La presse espagnole continue à s’intéresser de près aux finances secrètes du célébrissime juge espagnol Baltasar Garzon. Petit à petit, les médias sont en train de rassembler les pièces de l’affaire des rémunérations secrètes de l’unique magistrat espagnol ayant accédé à la notoriété internationale.
La dernière révélation concerne une conférence que le juge Garzon a donnée dans la ville de Tampico, au Mexique, et pour laquelle il a touché la somme de 25.000 euros. Une conférence qui n’a duré qu’une heure seulement.

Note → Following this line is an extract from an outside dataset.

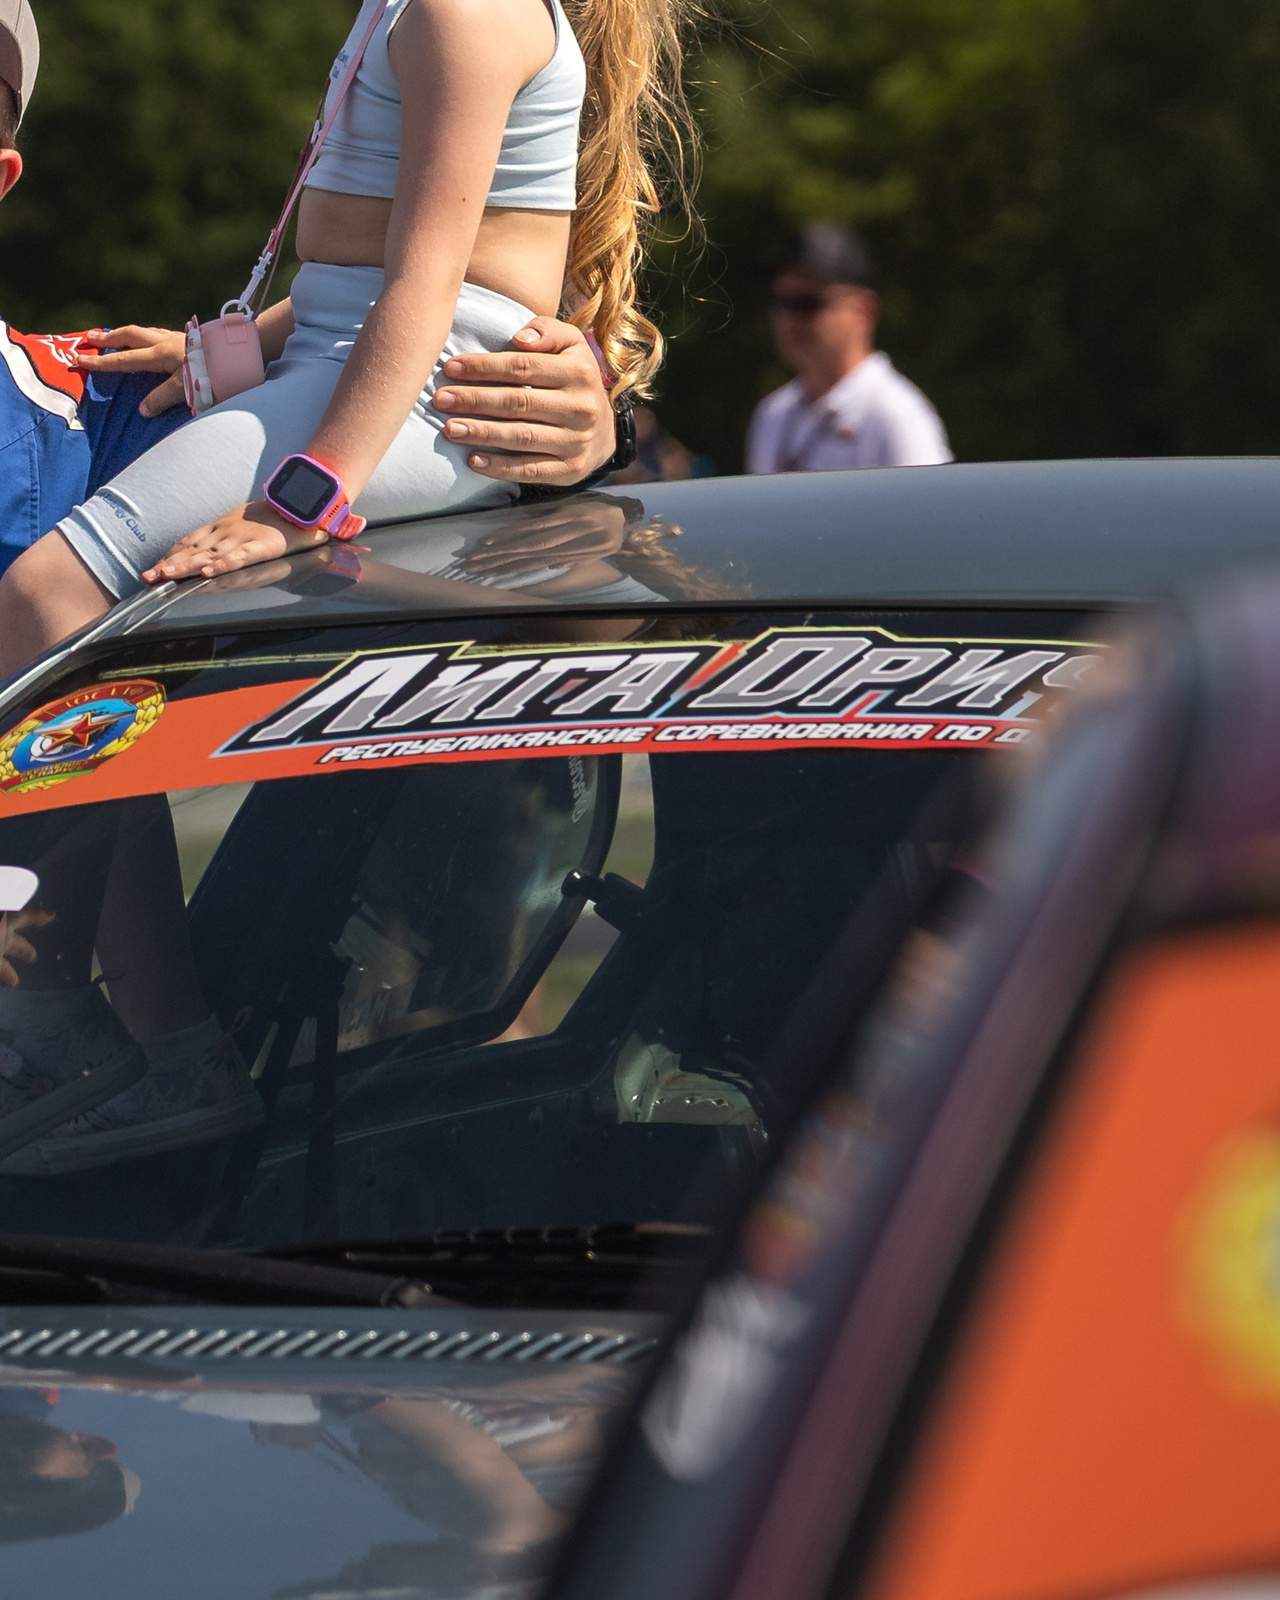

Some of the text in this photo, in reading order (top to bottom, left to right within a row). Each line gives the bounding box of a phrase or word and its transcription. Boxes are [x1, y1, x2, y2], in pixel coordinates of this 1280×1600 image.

C’était le 8 octobre 2007. Le juge Garzon passe quelques jours au Mexique sur invitation d’une entité locale pour faire une intervention sous le thème : «Sécurité et administration de justice, réflexions comparatives».  Parallèlement à cette conférence chèrement payée, le juge d’instruction a passé plusieurs jours dans la région de Tamaulipas où il a fait du tourisme et reçu plusieurs cadeaux de la part d’entités locales, des informations qu’il n’a pas communiquées au Conseil général du pouvoir judicaire comme l’exige le règlement. Evidemment, il n’a pas non plus déclaré avoir reçu le montant de 25.000 euros pour un discours d’une heure. Si recevoir 200.000 dollars pour plusieurs cours étalés sur une année à l’Université de New York paraît logique, le cas de l’intervention au Mexique semble un peu bizarre, selon les observateurs en Espagne. Mais, l’analyse des ces déplacements n’est plus juste une affaire de polémique ou d’analyse de la part d’observateurs. Des enquêtes seraient en cours pour déterminer les incidences éventuelles que ces déplacements auraient eues sur les décisions professionnelles du magistrat de l’Audience nationale.
Avec la révélation du cas mexicain, il ne s’agit plus d’une simple affaire de revenus non déclarés, mais d’une affaire de revenus douteux dont il faut clarifier la provenance réelle. Il faut noter que les fréquents voyages à l’étranger ont été, le plus souvent, suivis de grandes décisions de justice ayant entraîné le déclenchement de procès ayant une portée plus médiatique que juridique. À la manière de Garzon qui joue l’impact politique plutôt que l’aboutissement des procès.
A la lumière des doutes que commencent à susciter ses voyages à l’étranger, il serait légitime de s’interroger sur les liens éventuels entre la tournée touristique – mais rémunérée – du juge Garzon, effectuée début octobre 2007, et l’annonce de l’engagement de poursuites contre des officiels marocains pour un prétendu génocide au Sahara faite le 30 octobre 2007. La plainte, sur laquelle le juge s’était basé, avait été déposée début septembre 2007. Pourquoi n’aurait-il décidé de donner suite à cette plainte que deux mois après. Apparemment, il devait commencer par passer quelques jours en Amérique latine, avant de juger de «l’utilité» d’une telle démarche.